===== Exercise data =====

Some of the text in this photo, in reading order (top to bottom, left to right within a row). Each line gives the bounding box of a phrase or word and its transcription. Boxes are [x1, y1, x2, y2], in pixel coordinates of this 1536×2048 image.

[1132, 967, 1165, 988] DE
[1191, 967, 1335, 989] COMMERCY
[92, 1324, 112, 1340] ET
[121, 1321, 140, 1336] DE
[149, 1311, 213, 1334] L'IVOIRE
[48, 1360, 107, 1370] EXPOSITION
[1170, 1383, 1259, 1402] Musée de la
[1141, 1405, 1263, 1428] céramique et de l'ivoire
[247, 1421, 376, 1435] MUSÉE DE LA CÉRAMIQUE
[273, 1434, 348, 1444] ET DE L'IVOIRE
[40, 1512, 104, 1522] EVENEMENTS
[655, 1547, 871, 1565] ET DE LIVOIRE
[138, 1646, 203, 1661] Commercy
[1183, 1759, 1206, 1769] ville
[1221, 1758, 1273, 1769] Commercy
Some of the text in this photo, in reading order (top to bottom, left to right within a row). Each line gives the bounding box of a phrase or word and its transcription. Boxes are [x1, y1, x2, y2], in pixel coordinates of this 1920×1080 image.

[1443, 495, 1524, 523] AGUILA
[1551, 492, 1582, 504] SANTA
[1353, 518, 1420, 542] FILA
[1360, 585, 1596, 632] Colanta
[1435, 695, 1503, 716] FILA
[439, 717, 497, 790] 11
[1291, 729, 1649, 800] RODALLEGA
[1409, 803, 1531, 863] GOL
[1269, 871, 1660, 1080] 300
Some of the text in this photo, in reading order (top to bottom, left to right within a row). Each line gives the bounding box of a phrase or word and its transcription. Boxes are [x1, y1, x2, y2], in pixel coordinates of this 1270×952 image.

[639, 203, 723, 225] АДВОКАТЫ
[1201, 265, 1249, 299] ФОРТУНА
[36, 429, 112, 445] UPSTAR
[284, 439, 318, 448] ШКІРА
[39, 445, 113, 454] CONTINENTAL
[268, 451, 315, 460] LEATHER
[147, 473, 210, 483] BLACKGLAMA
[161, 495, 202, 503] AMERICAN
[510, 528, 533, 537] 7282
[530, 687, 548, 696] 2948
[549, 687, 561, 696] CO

=====

**What you are asked to do:**
The records above need to be written out again. Keep them exact.

**Expected answer:**
Some of the text in this photo, in reading order (top to bottom, left to right within a row). Each line gives the bounding box of a phrase or word and its transcription. Boxes are [x1, y1, x2, y2], in pixel coordinates of this 1536×2048 image.

[1132, 967, 1165, 988] DE
[1191, 967, 1335, 989] COMMERCY
[92, 1324, 112, 1340] ET
[121, 1321, 140, 1336] DE
[149, 1311, 213, 1334] L'IVOIRE
[48, 1360, 107, 1370] EXPOSITION
[1170, 1383, 1259, 1402] Musée de la
[1141, 1405, 1263, 1428] céramique et de l'ivoire
[247, 1421, 376, 1435] MUSÉE DE LA CÉRAMIQUE
[273, 1434, 348, 1444] ET DE L'IVOIRE
[40, 1512, 104, 1522] EVENEMENTS
[655, 1547, 871, 1565] ET DE LIVOIRE
[138, 1646, 203, 1661] Commercy
[1183, 1759, 1206, 1769] ville
[1221, 1758, 1273, 1769] Commercy
Some of the text in this photo, in reading order (top to bottom, left to right within a row). Each line gives the bounding box of a phrase or word and its transcription. Boxes are [x1, y1, x2, y2], in pixel coordinates of this 1920×1080 image.

[1443, 495, 1524, 523] AGUILA
[1551, 492, 1582, 504] SANTA
[1353, 518, 1420, 542] FILA
[1360, 585, 1596, 632] Colanta
[1435, 695, 1503, 716] FILA
[439, 717, 497, 790] 11
[1291, 729, 1649, 800] RODALLEGA
[1409, 803, 1531, 863] GOL
[1269, 871, 1660, 1080] 300
Some of the text in this photo, in reading order (top to bottom, left to right within a row). Each line gives the bounding box of a phrase or word and its transcription. Boxes are [x1, y1, x2, y2], in pixel coordinates of this 1270×952 image.

[639, 203, 723, 225] АДВОКАТЫ
[1201, 265, 1249, 299] ФОРТУНА
[36, 429, 112, 445] UPSTAR
[284, 439, 318, 448] ШКІРА
[39, 445, 113, 454] CONTINENTAL
[268, 451, 315, 460] LEATHER
[147, 473, 210, 483] BLACKGLAMA
[161, 495, 202, 503] AMERICAN
[510, 528, 533, 537] 7282
[530, 687, 548, 696] 2948
[549, 687, 561, 696] CO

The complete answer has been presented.